シトロエンC5Xは、シトロエン上級車「C5」とユニークな5ドアハッチバックの「X」モデルの系譜を受け継ぎ、新世代のフラッグシップモデルである。シトロエンとしては久しぶりのDセグメントカーとなった。
その結果、BセグメントからDセグメントの車種をラインナップするフルラインブランドへと再び返り咲いた。また新型車では、従来の上級車「C5」や「C6」などからの乗り替え需要や上級車を狙う新規顧客の獲得を図りたいとしている。
■アヴァンギャルドだが懐かしくもあるエクステリア
新型車C5Xで最も印象的なのが、個性的なスタイリングだ。ステーションワゴン調のボディをSUVに仕立てたクロスオーバーだが、そのスタイルは、大型のテールゲートを備えたサルーン「CX」や「XM」などに通じる5ドアハッチバックに香りが強い。ファストバック風のフォルムやテールゲートのリアスポイラーなどにも往年の名車の名残が感じられるところだ。
一方、フロントマスクは、C4などの最新モデルのデザインと共通性が高いが、このグリルレスマスクも従来型C5などの雰囲気を残しており、シトロエンファンには刺さるものに仕上げられていることがわかる。
モダンなデザインだが、そのディテールには往年の名車のアイコンが取り入れられているC5X
ボディサイズは全長4805×全幅1865×全高1490mmを確保。ホイールベースは、2785mmとロングホイールベースとなっており、Dセグカーらしい伸びやかなスタイルに仕上げられている。
SUV風のアクセントとして、19インチの大径タイヤとプロテクションモールが加えられているが、最低地上高も165mmと通常のセダンと大きくは変わらない。
■コンフォート性を重視したインテリア
快適性を追求したインテリアも、シトロエンらしさにあふれる。シートデザイン自体も往年のシトロエン車のものを彷彿させるが、シート表面のステッチやパターンには、シトロエンブランドロゴのモチーフでもあるシェブロン柄が散りばめられており、遊び心にあふれている。
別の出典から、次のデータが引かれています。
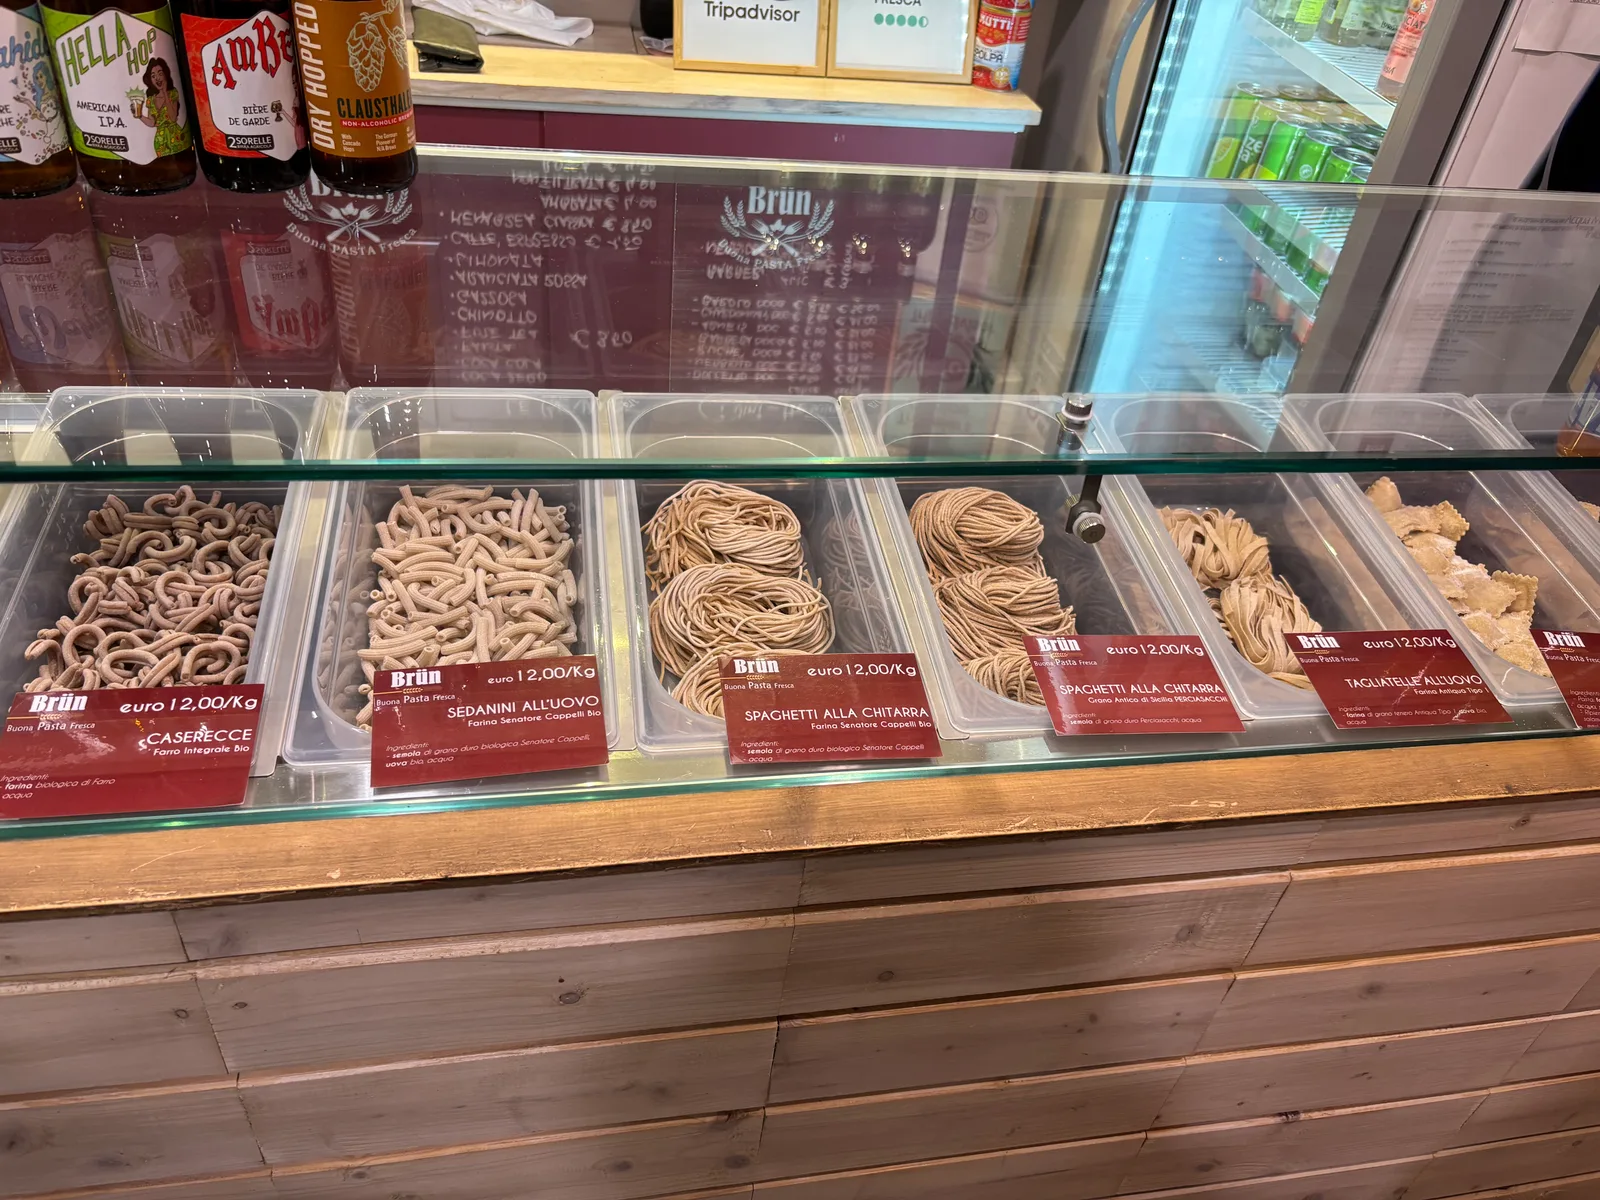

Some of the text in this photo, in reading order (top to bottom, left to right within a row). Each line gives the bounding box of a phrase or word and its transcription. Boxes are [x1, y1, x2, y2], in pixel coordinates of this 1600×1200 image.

[703, 1, 801, 22] Tripadvisor
[61, 12, 131, 87] HELLA
[126, 27, 157, 76] HOP
[294, 1, 335, 149] DRY HOPPED
[76, 100, 120, 113] AMERICAN
[243, 103, 269, 115] BIÈRE
[228, 117, 271, 126] DE GARDE
[342, 117, 397, 127] NON-ALCOHOLIC
[747, 185, 812, 216] Brün
[286, 221, 417, 256] Buona PASTA Fresca
[717, 238, 751, 265] Buona
[754, 258, 792, 270] PASTA
[1036, 637, 1081, 652] Brün
[1296, 634, 1340, 648] Brün
[1363, 636, 1457, 649] euro 12,00/Kg
[1542, 631, 1586, 648] Brün
[1106, 644, 1204, 657] euro 12,00/Kg
[1563, 653, 1585, 662] Pasta
[733, 658, 780, 674] Brün
[1318, 655, 1340, 663] Pasta
[487, 665, 595, 684] euro 12,00/Kg
[807, 663, 917, 677] euro 12,00/Kg
[390, 669, 441, 688] Brün
[748, 681, 772, 689] Pasta
[1344, 675, 1483, 689] TAGLIATELLE ALL'UOVO
[1059, 683, 1224, 695] SPAGHETTI ALLA CHITARRA
[1439, 688, 1467, 696] Antiqua
[1467, 687, 1483, 695] Tipo
[28, 693, 88, 713] Brün
[119, 695, 258, 713] euro 12,00/Kg
[403, 695, 430, 704] Pasta
[1174, 695, 1228, 703] PERCIASACCHI
[447, 695, 599, 719] SEDANINI ALL'UOVO
[745, 707, 929, 721] SPAGHETTI ALLA CHITARRA
[468, 719, 498, 728] Farina
[500, 715, 542, 724] Senatore
[545, 710, 585, 720] Cappelli
[811, 720, 932, 730] Farina Senatore Cappelli Bio
[6, 721, 96, 732] Buona Pasta Fresca
[146, 729, 253, 745] CASERECCE
[153, 744, 250, 756] Farro Integrale Bio
[392, 750, 421, 759] semola
[434, 748, 458, 757] grano
[460, 745, 479, 753] duro
[480, 741, 519, 751] biologica
[520, 738, 555, 746] Senatore
[385, 760, 408, 768] uova
[426, 756, 455, 765] acqua
[35, 780, 79, 789] biologica
[2, 792, 33, 800] acqua
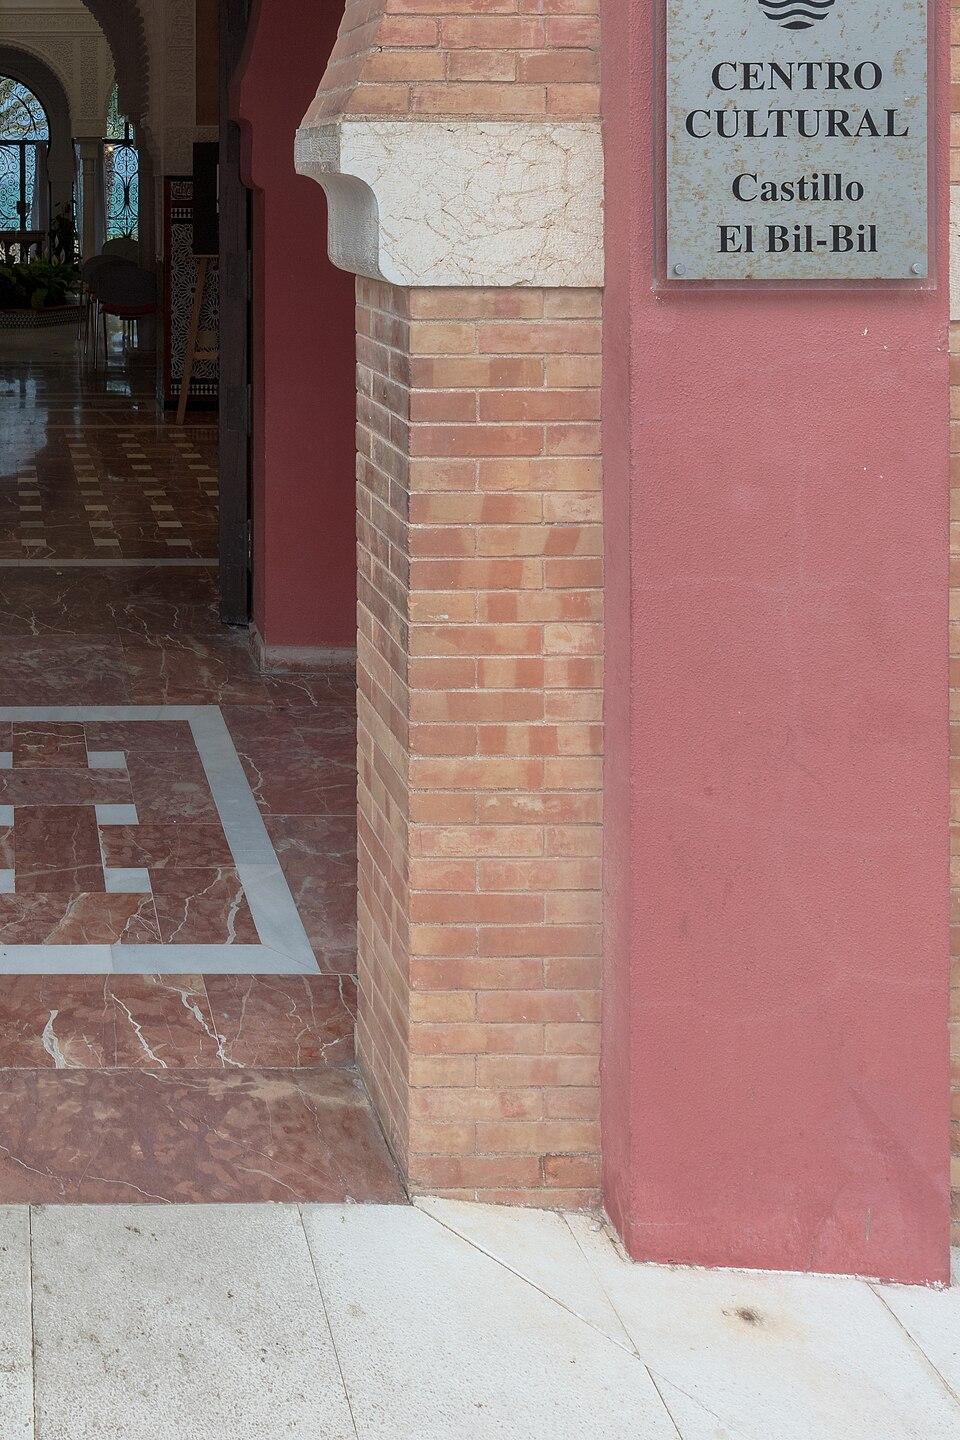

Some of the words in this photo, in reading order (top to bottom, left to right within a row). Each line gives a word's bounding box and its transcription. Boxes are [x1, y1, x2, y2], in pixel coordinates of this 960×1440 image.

[711, 61, 883, 91] CENTRO
[685, 108, 910, 139] CULTURAL
[731, 172, 865, 202] Castillo
[716, 224, 754, 254] El
[764, 223, 879, 254] Bil-Bil
このほかにも、ダッシュボードのシボや木目調パネルのデザインにもシェブロン柄が取り入れられている。シート自体も快適性を高めるべく、肉厚なアドバンスドコンフォートシートを採用しており、ソフトな足回りとの相乗効果で快適なドライブを楽しめるように仕上げられている。
シトロエンのエンブレムのモチーフでもあるシェブロン柄を取り入れたシートは、座り心地も抜群だ
もちろん、実用性も高く、ロングホイールベースの恩恵で先代C5よりも後席のスペースは拡大。ラゲッジスペースも大型テールゲートによるアクセス性のよさを活かすべく、ハンズフリー電動テールゲートを全車に標準化。ラゲッジ容量も標準で545L、後席を倒せば最大1640Lまで拡大可能だ。
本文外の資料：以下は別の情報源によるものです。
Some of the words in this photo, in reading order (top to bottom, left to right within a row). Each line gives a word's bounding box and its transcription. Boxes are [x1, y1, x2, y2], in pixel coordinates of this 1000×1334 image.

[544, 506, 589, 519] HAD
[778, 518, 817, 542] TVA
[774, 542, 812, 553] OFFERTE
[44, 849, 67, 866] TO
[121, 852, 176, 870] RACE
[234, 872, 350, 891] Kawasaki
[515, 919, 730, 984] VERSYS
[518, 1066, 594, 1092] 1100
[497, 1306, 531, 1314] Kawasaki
奥ゆきたっぷりのラゲッジスペース。荷物の出し入れをスムーズにするガイドレール付きだ
快適な移動を提供すべく、魔法の絨毯と称えられたハイドロニューマチックサスペンションの乗り味をショックアブソーバーで再現した「プログレッシブ・ハイドローリック・クッション(PHC)」を全車に標準化。
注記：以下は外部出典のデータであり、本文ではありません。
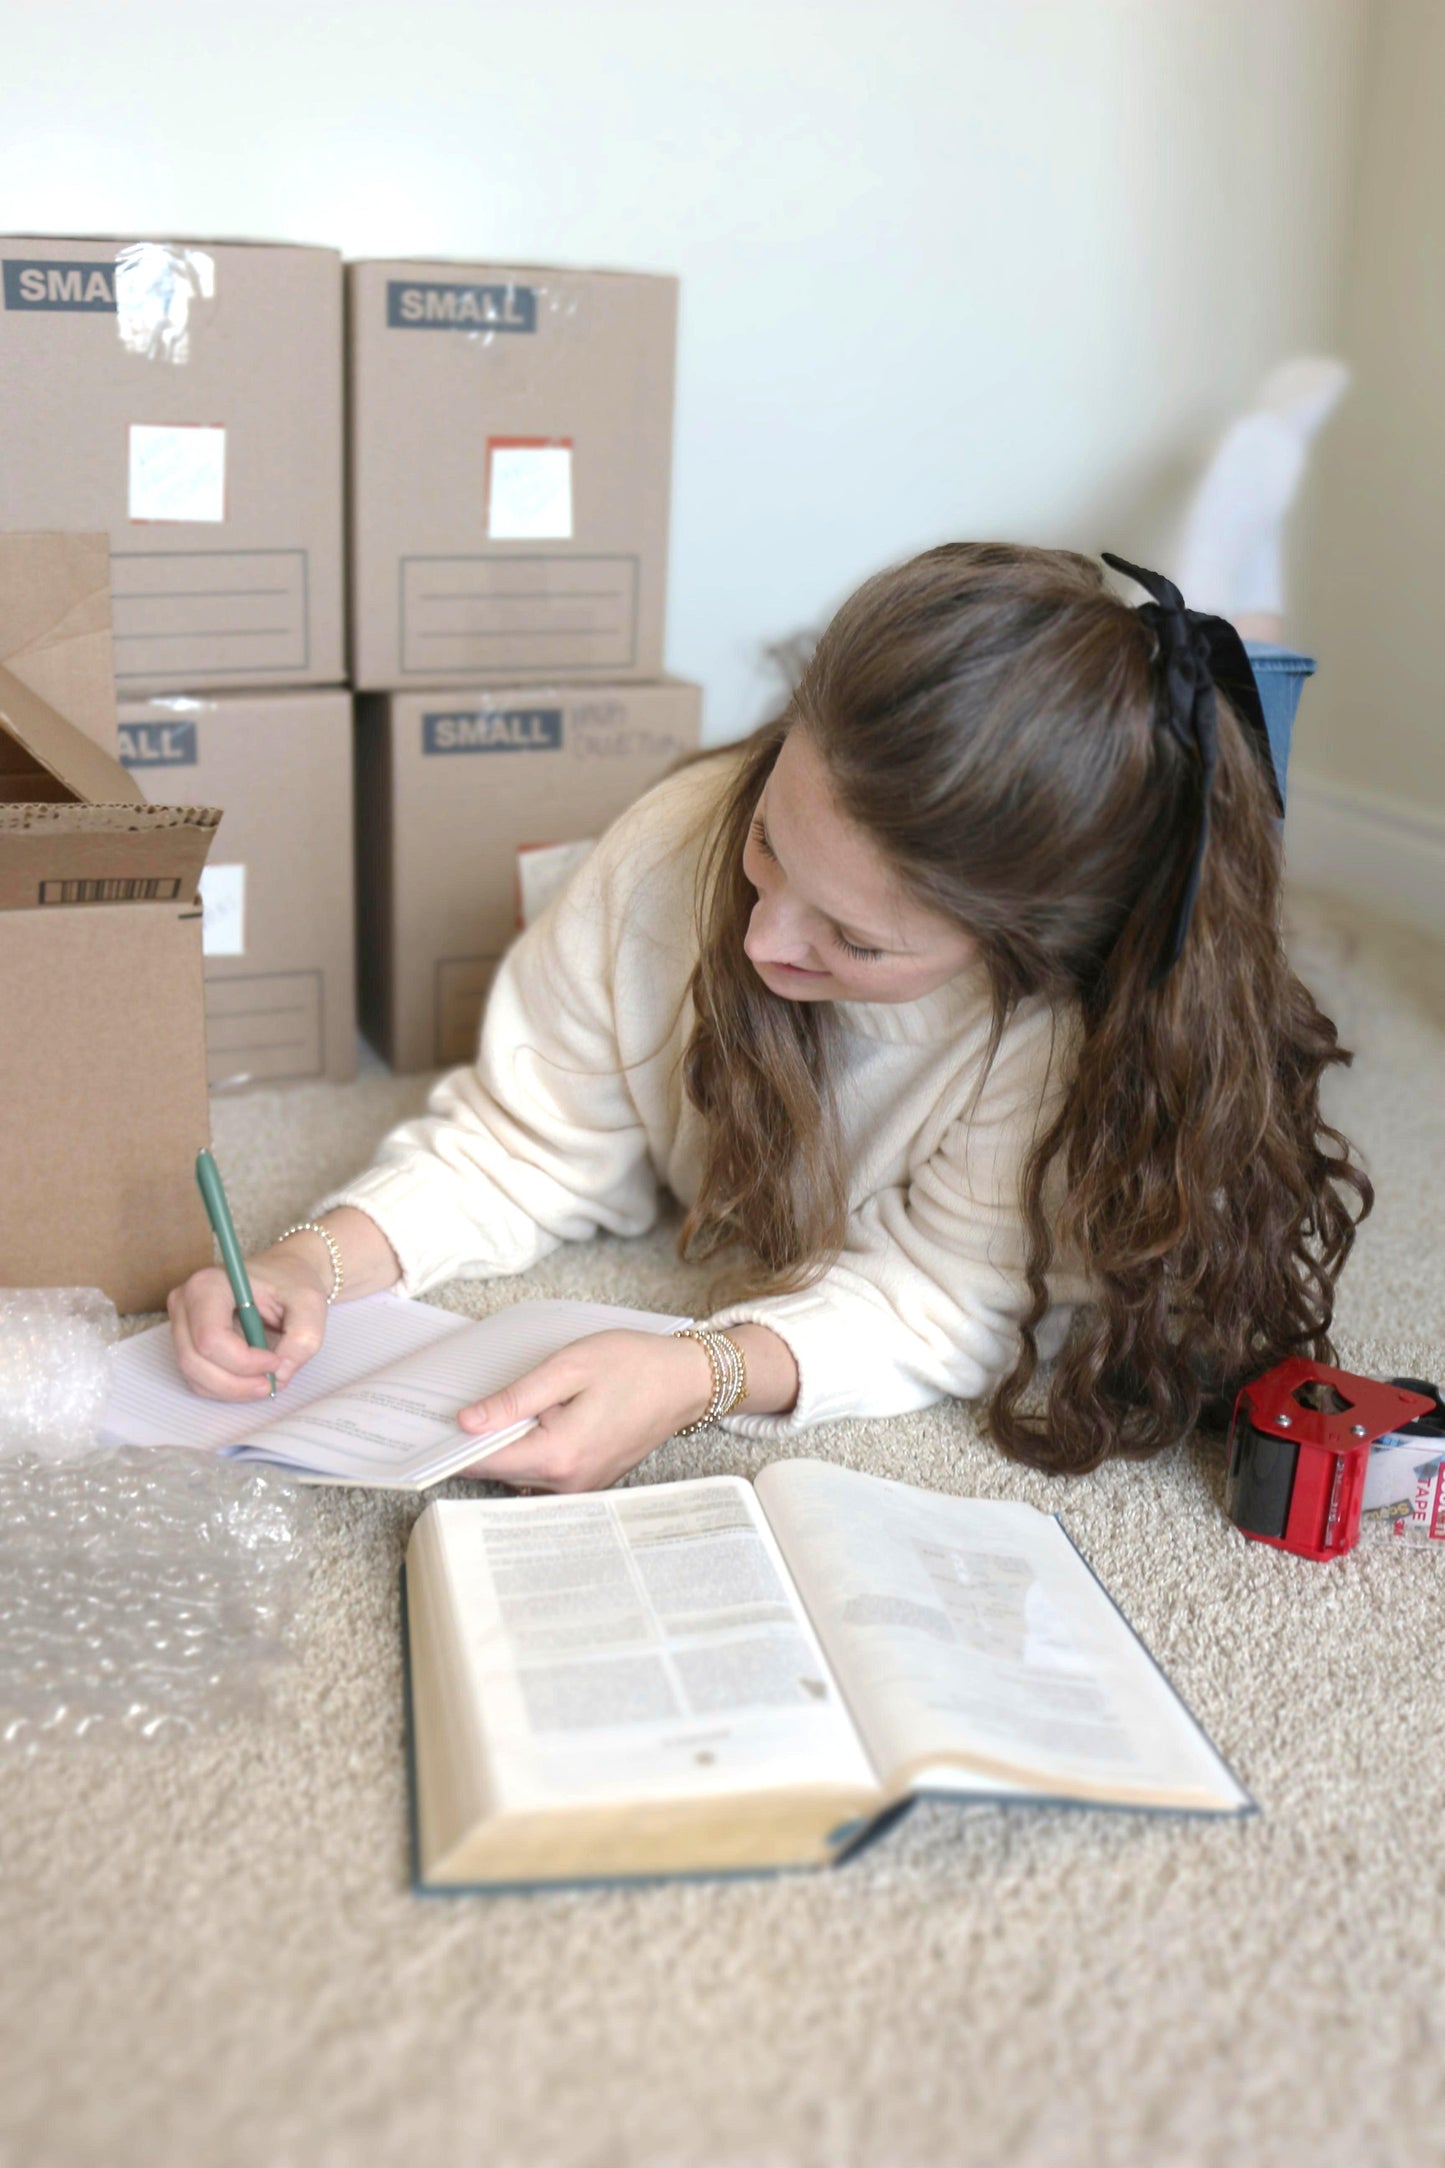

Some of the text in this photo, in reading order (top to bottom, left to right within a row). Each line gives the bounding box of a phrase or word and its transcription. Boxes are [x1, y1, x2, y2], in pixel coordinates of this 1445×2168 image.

これは他の新世代シトロエンにも採用される技術だが、C5Xでは、PHEVモデルのみに、ダンパー内の油圧制御を行う「アドバンストコンフォート アクティブサスペンション」を与えた。新技術の投入で、どれだけ「魔法の絨毯」の再現度が上がっているのかも注目すべきポイントだ。
■ガソリン車とPHEV車を設定
パワートレーンは、ガソリン仕様の1.6L直列4気筒DOHCターボに8速ATの組み合わせが基本に。最高出力180ps、最大トルク250Nmと、大柄なボディにも充分な性能を備える。
PHEV車は、このパワートレーンに、電気モーターを加えたものだ。最高出力110ps(81kW)、最大トルク320Nmの電気モーターとエンジンを接続するクラッチにはATのトルクコンバーターに代わり、湿式多板クラッチを備えることで対応。
12.4kWhのリチウムイオンバッテリーを搭載し、EVモードの走行距離は、65kmを確保し、日常的な移動は電気のみで賄える。PHEVのシステム性能は、最高出力225ps、最大トルク360Nmまで向上されるので、パワフルな走りを味わいたい人にもPHEVは魅力的といえる。
パワートレーンは、1.6Lのガソリンターボと8速ATの組み合わせ。PHEVは、これに電気モーターなどが追加される仕様だ
PHEVの充電方法は、200Vの普通充電のみに対応。3kW出力の場合、約5時間で満充電に。さらに6kW出力のウォールボックスを備えれば、半分の約2.5時間まで充電時間の短縮も可能である。
C5Xのグレード構成だが、一部快適装備が省かれるエントリーの「SHINE(シャイン)」から用意されるが、こちらは受注生産に。メイングレードは、充実装備の「SHINE PACK(シャインパック)」となる。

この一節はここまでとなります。